Мы знаем, что это за солнце. Имя ему — Юность.
Книга шестая
Глава первая
Старый Рубенис проснулся, как только из соседнего гаража выехал первый грузовик. Стенные часы, все те же старые часы, которые четверть века с лишним протикали на стене этой комнаты, показывали десять минут шестого. Можно было поспать еще часа полтора, но чего же зря валяться, если сон не берет? Первые, еще красноватые лучи солнца проникли поверх крыши дровяного сарайчика в окно, и голубоватая полоска обоев возле двери, точно
Рубенис стал одеваться, стараясь не шуметь, чтобы не разбудить жену. Всунув ноги в старые, давно потерявшие блеск калоши, он вышел во двор, зажег трубку и сделал первую, самую вкусную, утреннюю затяжку. Зашел в дровяной сарайчик, медленным, оценивающим взглядом окинул поленницу дров, нет ли слишком толстых поленьев, которые следует расколоть, заглянул за старые пустые бочонки, в которых раньше хранились салака и соленые грибы, перебрал свой рабочий инструмент — багры и крюки — и с недовольным лицом уложил все обратно. Прямо как назло, все стояло на месте, не было никакой надобности что-нибудь убрать или исправить. И не мудрено: вчера только был произведен последний осмотр, и, точно так же, как сейчас, старый Рубенис не мог найти себе занятия.
«Вот и Юрис такой же, весь в меня, — подумал он. — Тоже не может ни минуты посидеть без дела. С утра до вечера бегает по своему району… везде он должен побывать сам, все увидеть своими глазами. Поэтому у него в районе образцовый порядок. Пусть другие приходят и учатся… всегда что-нибудь полезное узнают».
Дойдя до этой мысли, Рубенис больше не мог оставаться в одиночестве, ему требовался собеседник. Утренняя трубка была выкурена. Захватив охапку дров, Рубенис вернулся в кухню и с удовлетворением убедился, что жена уже хлопочет у плиты.
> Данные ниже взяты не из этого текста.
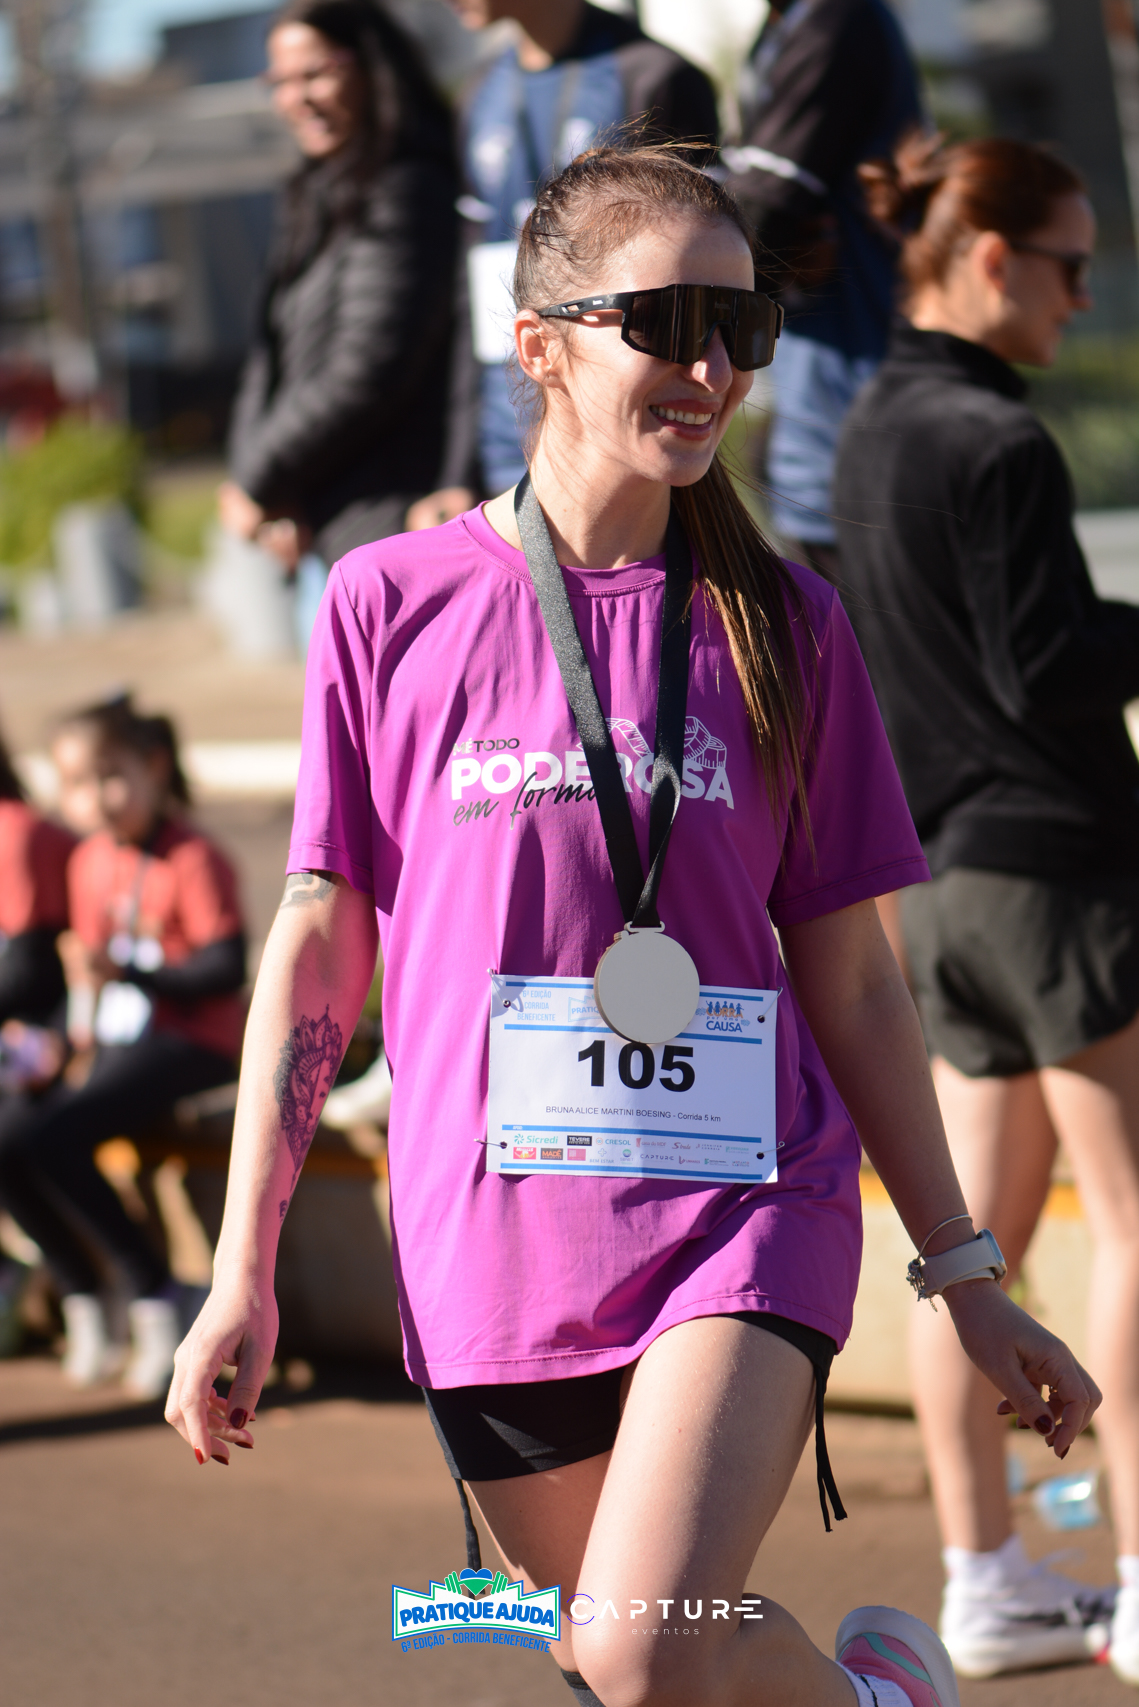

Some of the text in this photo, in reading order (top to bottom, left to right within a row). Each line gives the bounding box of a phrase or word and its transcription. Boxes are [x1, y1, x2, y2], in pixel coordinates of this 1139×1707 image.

[453, 737, 520, 756] MÉTODO
[453, 798, 499, 826] em
[530, 990, 552, 999] EDIÇÃO
[524, 1002, 550, 1010] CORRIDA
[517, 1012, 556, 1022] BENEFICENTE
[706, 1020, 743, 1033] CAUSA
[578, 1039, 695, 1093] 105
[546, 1106, 574, 1114] BRUNA
[575, 1107, 599, 1115] ALICE
[600, 1107, 634, 1116] MARTINI
[636, 1109, 672, 1119] BOESING
[677, 1112, 703, 1121] Corrida
[710, 1114, 722, 1122] km
[526, 1135, 558, 1144] Sicredi
[605, 1138, 631, 1146] CRESOL
[640, 1153, 675, 1161] CAPTURE
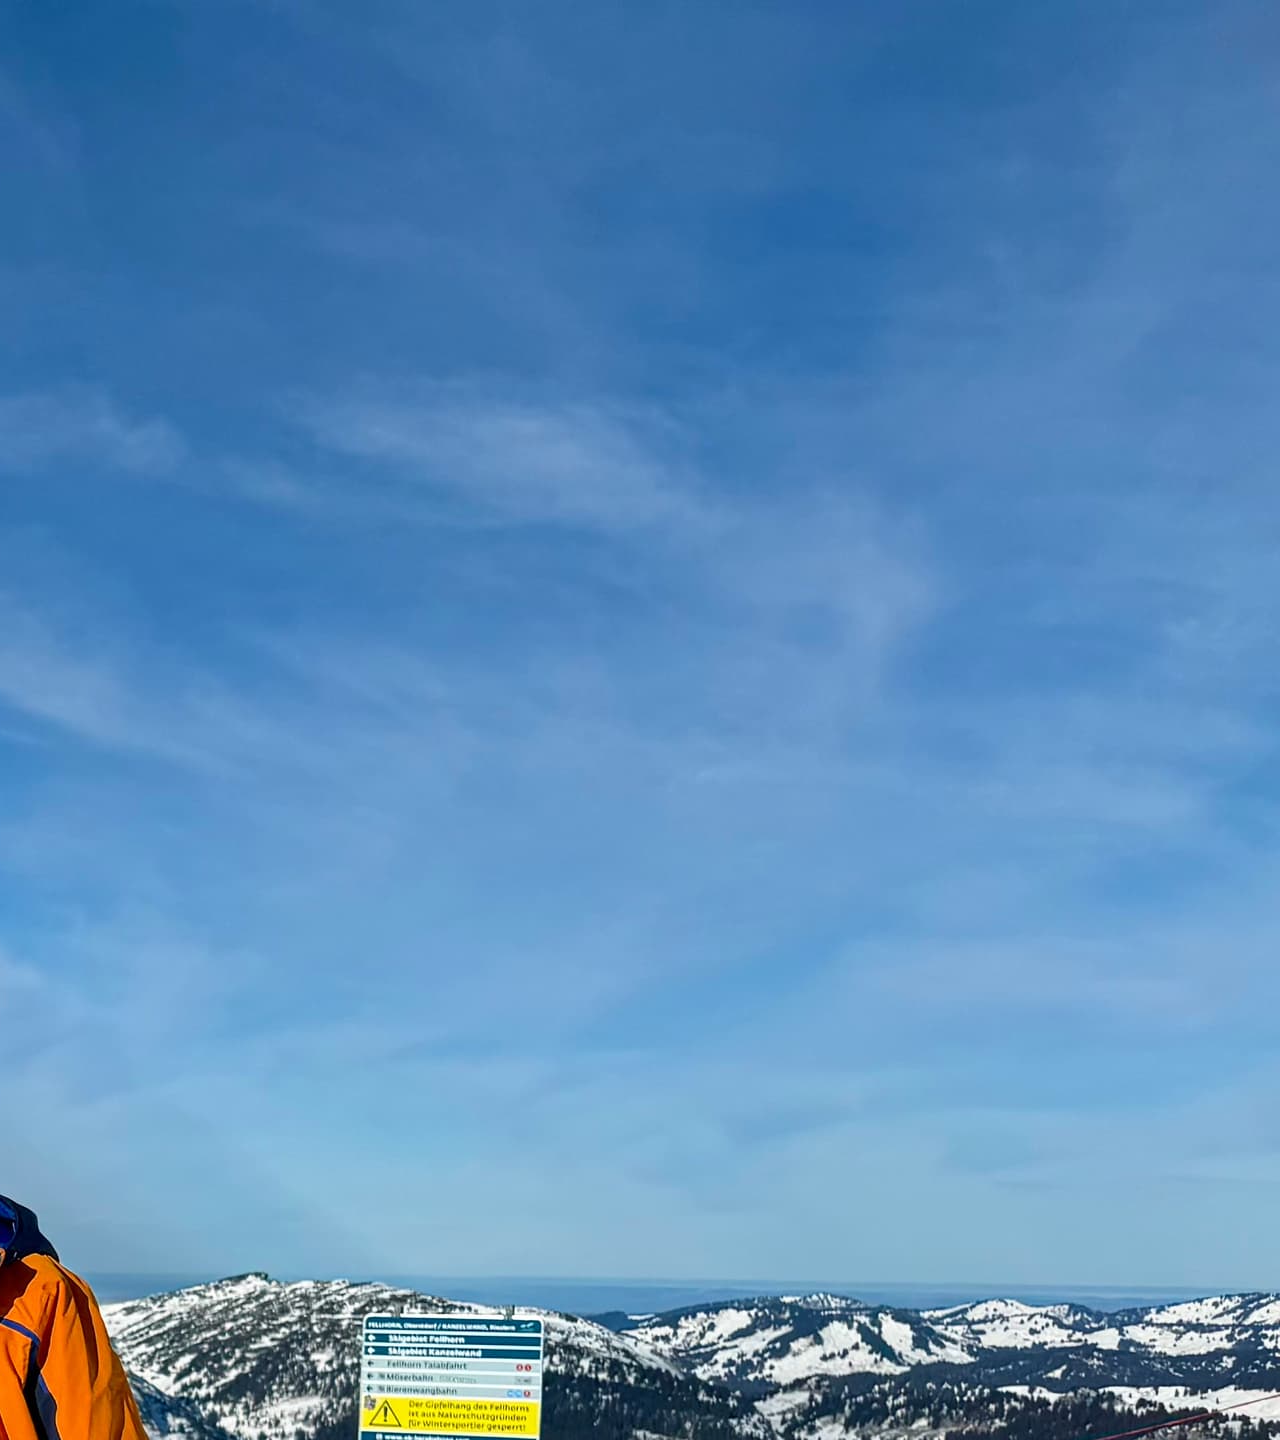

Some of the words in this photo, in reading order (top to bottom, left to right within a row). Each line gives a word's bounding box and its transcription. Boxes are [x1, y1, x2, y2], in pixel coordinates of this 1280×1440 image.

— Ну и денек — как цветочек, — заговорил он. — Такая погода прямо как на заказ для крестьян. Теперь только знай убирай, пока весь хлеб не будет в скирдах. Петом пригонят молотилку. Будет и государству и себе.
— Будет, все будет, — рассеянно отвечала Рубениете, подкидывая в плиту дрова. — Присмотри, отец, за чайником, чтобы не убежал. Мне надо в погреб сбегать.
— Давай я схожу. Чего принести?
— Пока тебе объяснишь, можно два раза обернуться. Мужчины такой бестолковый народ в этих делах…
— Гм-да, если уж так, то иди сама, толковая женщина. Мы, как говорится, со своей любезностью не навязываемся. Но хотя вы и ни во что не ставите нас, мы себе цену знаем. Цена не малая.
— То-то вы и набиваете эту цену.
У них уже вошло в привычку время от времени шутливо поддразнивать друг друга.
Когда жена вернулась из погреба, Рубенис возобновил разговор в более серьезном тоне:
— Что ни говори, а наш Юрис парень ухватистый. За все он берется как следует. Когда еще работал в порту, самые неуживчивые и те просились работать с ним. Тебе бы следовало посмотреть, как летали кипы льна, когда он брался за крюк. А на фронте — как лев дрался. Капитан, командир роты, награжден орденами… Поэтому работа спорится у него и в мирное время. Ты вдумайся, мать: председатель исполкома! Раньше и во сне бы не приснилось этого. Целый район доверили, со всеми домами и фабриками. И все хвалят, все говорят, что лучший хозяин района во всей Риге. Чистота, порядок, вежливое обращение с людьми, а с разными прохвостами — по всей строгости. Вот это, я скажу, по-моему.